I had the Sony Xperia Z3 and loved the size of that phone. There is no way the Pixel 3 is too small.
 
I prefer a smaller form factor, I think the XL size phones are ridiculous and unwieldy. I should be able to mostly use my phone one handed, and the bigger you make them, the more likely we are to drop them when trying to stretch a thumb across the screen. Plus they don't fit in pants pockets, they don't fit in running armbands or cycling jersey pockets, and they look ridiculous on car mounts.

Why are people complaining about the small size of the normal Pixel when you have the XL option??? If you want a giant phone, buy the giant phone and let the rest of us buy smaller ones.
 
I remember when the HTC EVO came out.. People were saying it was ridiculously large sized and it had a 4.3" screen... LOL
 
No.

No, No, No, No, No, No.

It's my opinion that that phones are too big. I like phones that actually fit in my pocket and that I can use with one hand. I don't understand why everyone insists on oversized phones. They look good on display at retail stores, and may impress your friends, but in day-to-day use they are annoying to use. Thankfully, Sony makes their Xperia "Compact" line of phones.
 
To be fair -- I remember people saying "You will never need 2 GB of RAM on a PC!" or "You will never need more then 100 GB on a hard drive!" -- Obviously tech keeps going :).

Yeah most of those are out of context and heck the last spindle drive I got was 10TB, but still people even with a well bloated Windows 10 install could get away with using a machine with only 100GB. The closest to an actual statement was Microsoft saying you didn't need more than 640KB of ram. But that was missing the context of the time. Their OS wasn't multitask capable and was really a 8bit OS at the time, so no application could actually address more than 640KB of memory making people selling systems with more pointless.

Job's on the other hand basically allowed the growth of Android by deciding almost unilaterally that they had found the perfect form factor for smart phones and that they were not changing. The context for that statement was recognizing a push for bigger screens and growing sales for those phones, that they were refusing to change because it's all people needed. The truth could be buried in there, that they didn't want to have multiple production lines for different sizes along with different storage, that they figured a person wanting larger would settle for smaller as long as it was "iphone" but that wouldn't work the other way.
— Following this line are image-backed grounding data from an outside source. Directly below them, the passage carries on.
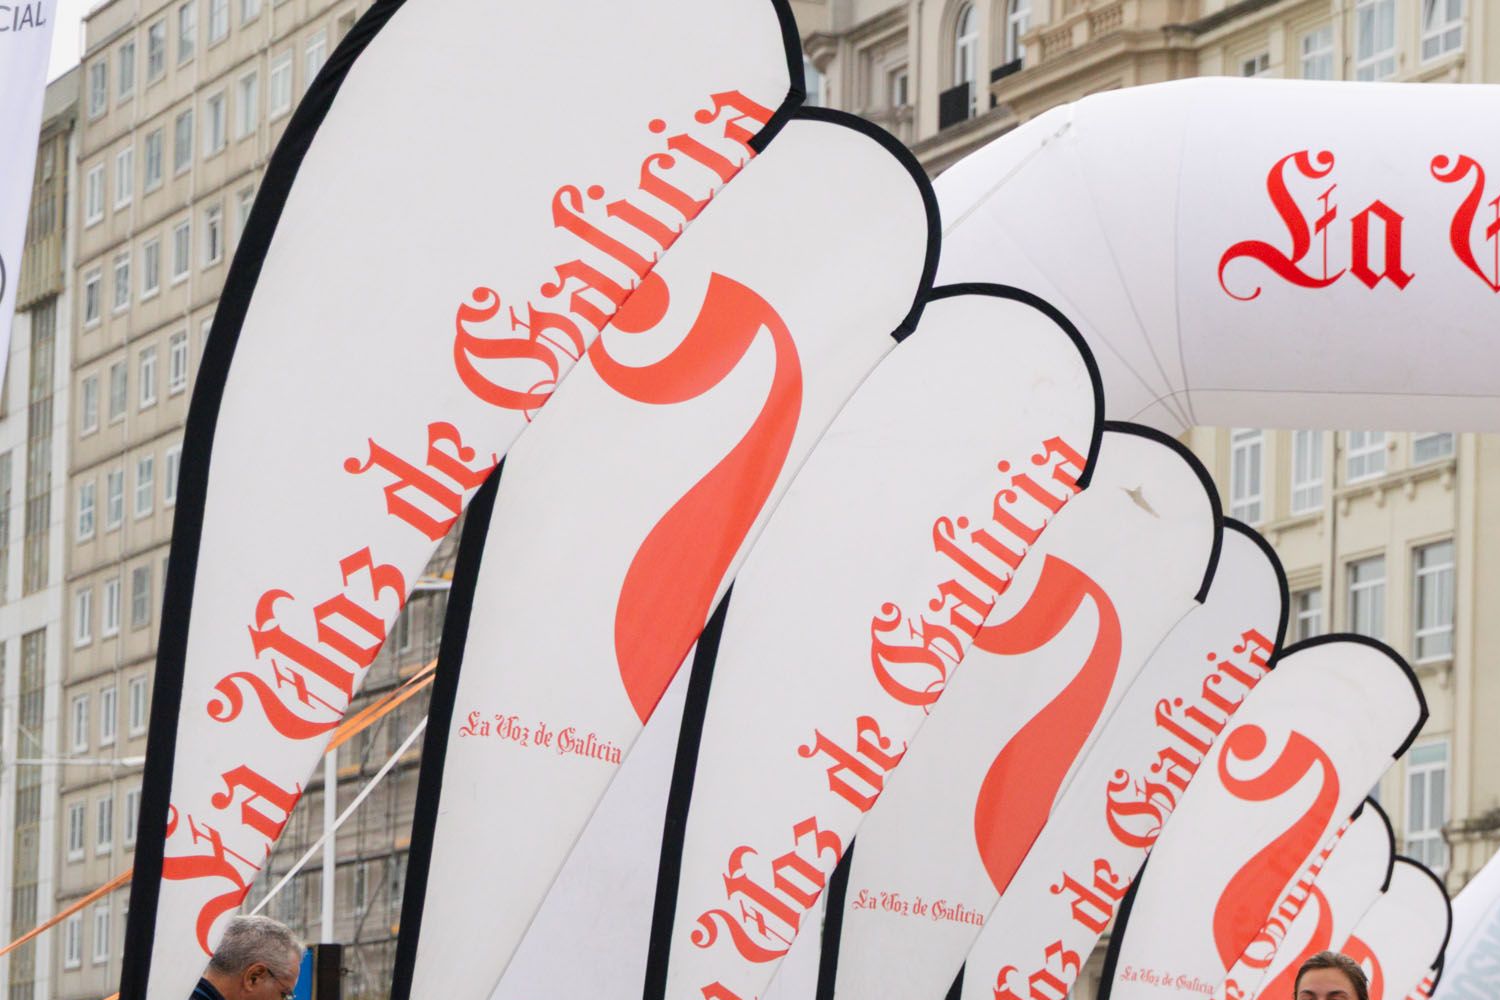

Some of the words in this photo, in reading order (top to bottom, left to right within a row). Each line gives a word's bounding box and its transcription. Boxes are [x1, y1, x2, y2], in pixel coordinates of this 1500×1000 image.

[1217, 149, 1415, 301] La
[207, 547, 407, 739] Voz
[344, 421, 502, 541] de
[454, 90, 777, 422] Galicia
[459, 711, 490, 737] La
[495, 713, 529, 747] Voz
[534, 721, 553, 748] de
[557, 727, 623, 765] Galicia
[691, 816, 842, 963] Voz
[798, 716, 907, 812] de
[871, 436, 1090, 716] Galicia
[1050, 858, 1134, 935] de
[1106, 628, 1275, 855] Galicia
[852, 889, 877, 910] La
[880, 891, 909, 916] Voz
[913, 896, 928, 916] de
[931, 899, 985, 927] Galicia
But he was pretty clear of what he meant and why he was saying it.
 
No.

No, No, No, No, No, No.

It's my opinion that that phones are too big. I like phones that actually fit in my pocket and that I can use with one hand. I don't understand why everyone insists on oversized phones. They look good on display at retail stores, and may impress your friends, but in day-to-day use they are annoying to use. Thankfully, Sony makes their Xperia "Compact" line of phones.

There's a demand for both. Back in the 'old days' people would have a phone with, by today's standards, a very, very small screen that was perfect for almost everything one would want a phone to do, and then a separate tablet with a much larger screen for media consumption and longer sessions of browsing, etc.
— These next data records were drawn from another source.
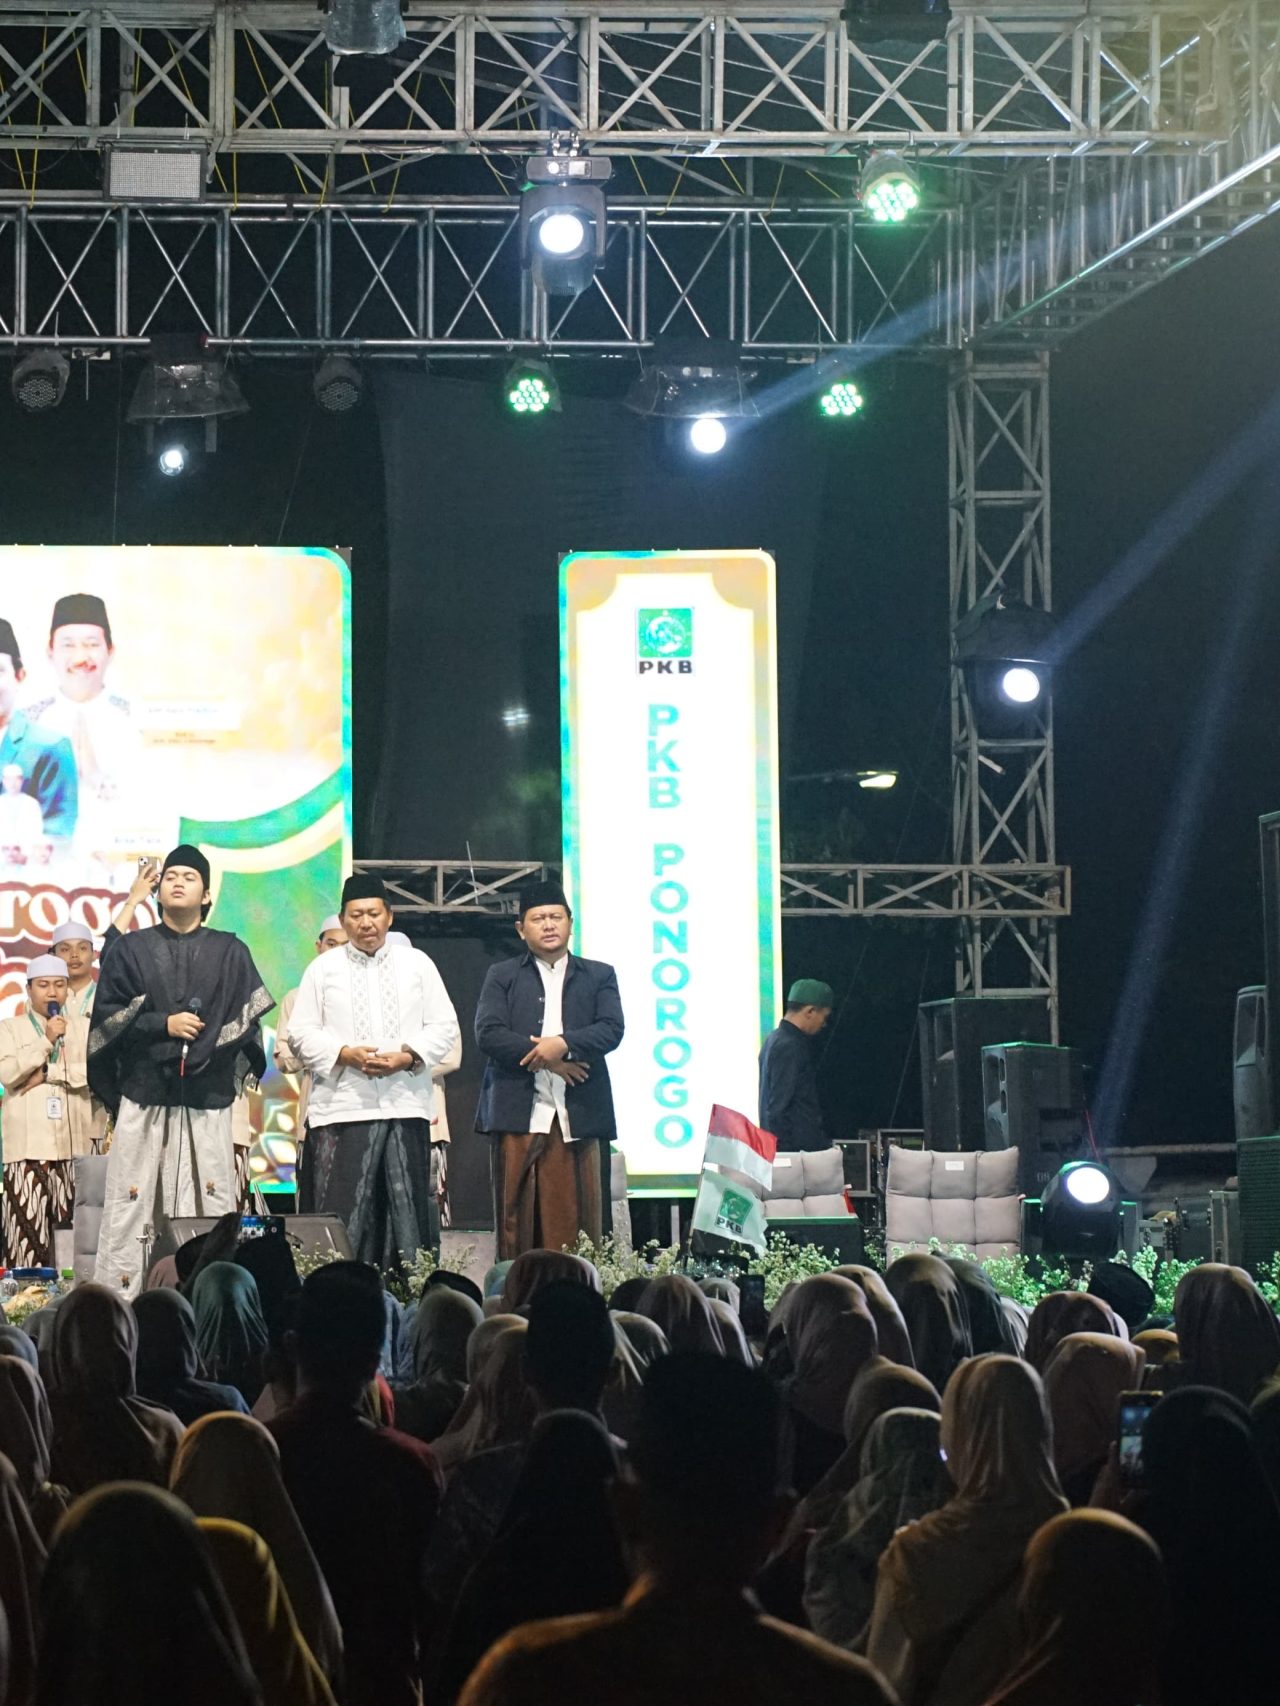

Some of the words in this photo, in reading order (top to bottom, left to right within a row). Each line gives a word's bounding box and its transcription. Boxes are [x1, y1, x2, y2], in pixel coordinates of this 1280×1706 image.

[639, 660, 692, 674] PKB
[648, 704, 680, 808] PKB
[651, 844, 693, 1148] PONOROGO
[716, 1216, 744, 1235] PKB
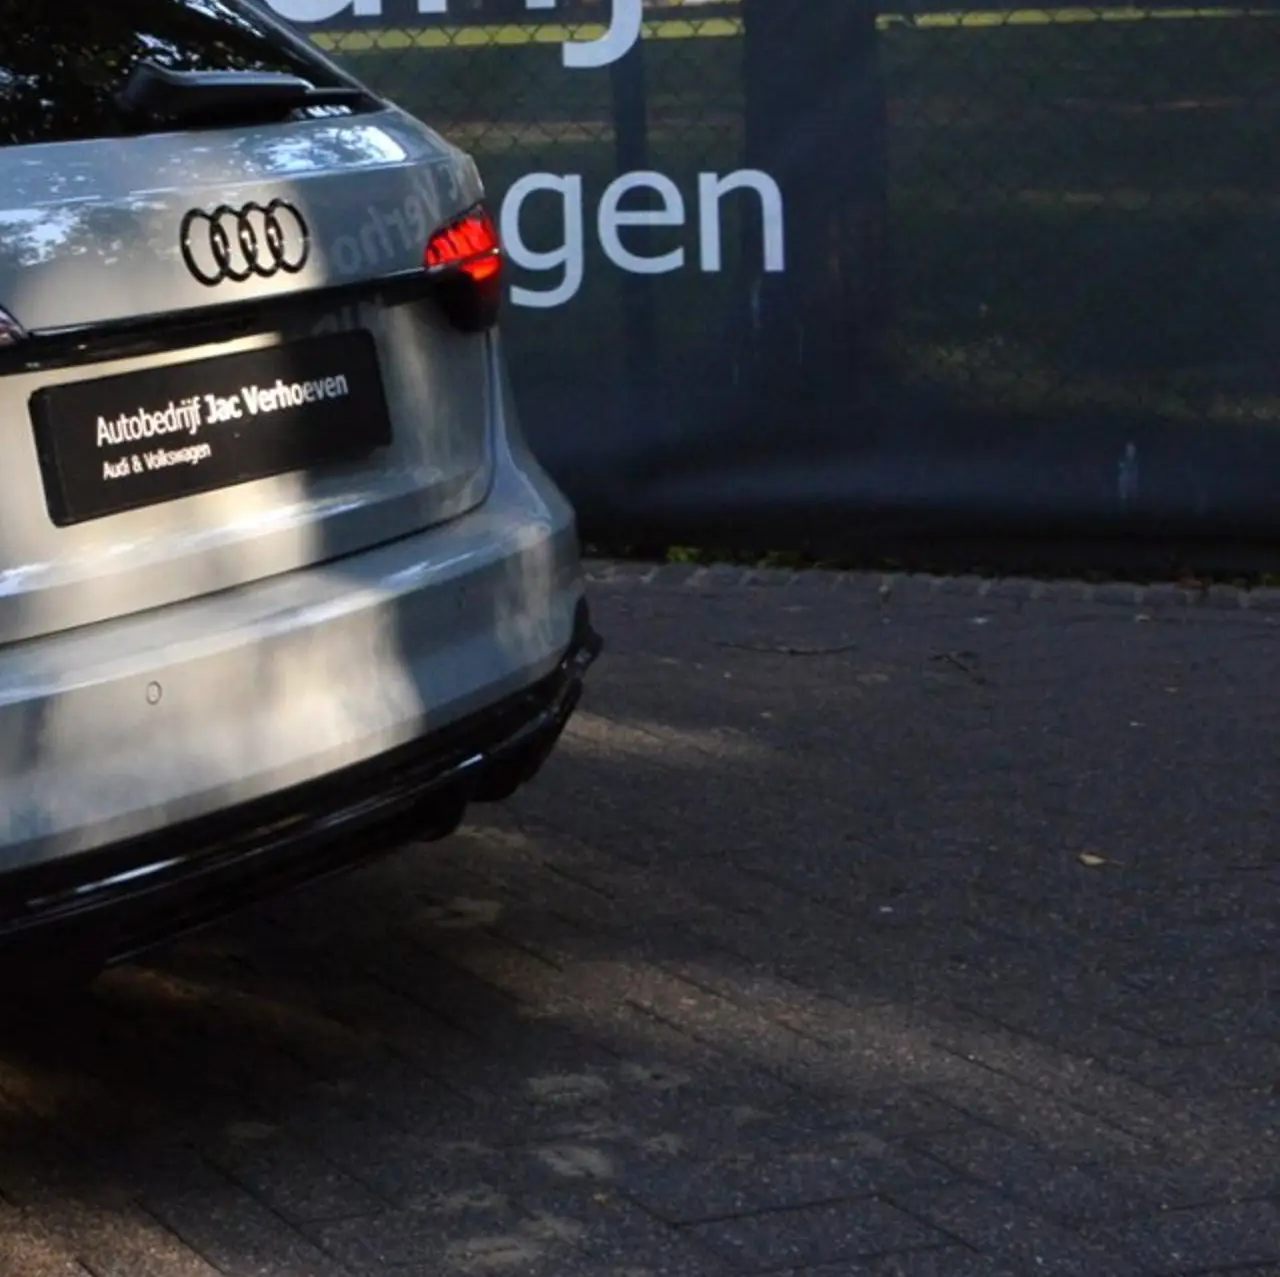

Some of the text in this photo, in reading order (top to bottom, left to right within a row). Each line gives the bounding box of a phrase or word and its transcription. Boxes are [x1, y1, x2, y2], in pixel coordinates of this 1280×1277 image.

[500, 169, 785, 308] gen
[96, 374, 349, 447] Autobedrijf Jac Verhoeven
[103, 443, 211, 480] Audi & Volkswagen
Now the tablet market has largely dried up from its glory days, with the two categories having to a great extent merged, meeting in the middle to afford a single device that is less easily pocketable but provides an all-in-one device functionality that can do nearly everything. I had had a separate tablet and phone, upgrading one or the other annually, until the Nexus 6 came out with its "ridiculously large" 5.96" screen, at which point I appreciated a device that struck the balance. Budgeting to enjoy upgrading a single device rather than two has its obvious advantages.

I do think it's great that we are retaining 'smallish' devices, but I think a lot of people get hung up on looking at a screen size as defining portability which is a flawed criteria, as the ratio of screen-to-body has continually climbed.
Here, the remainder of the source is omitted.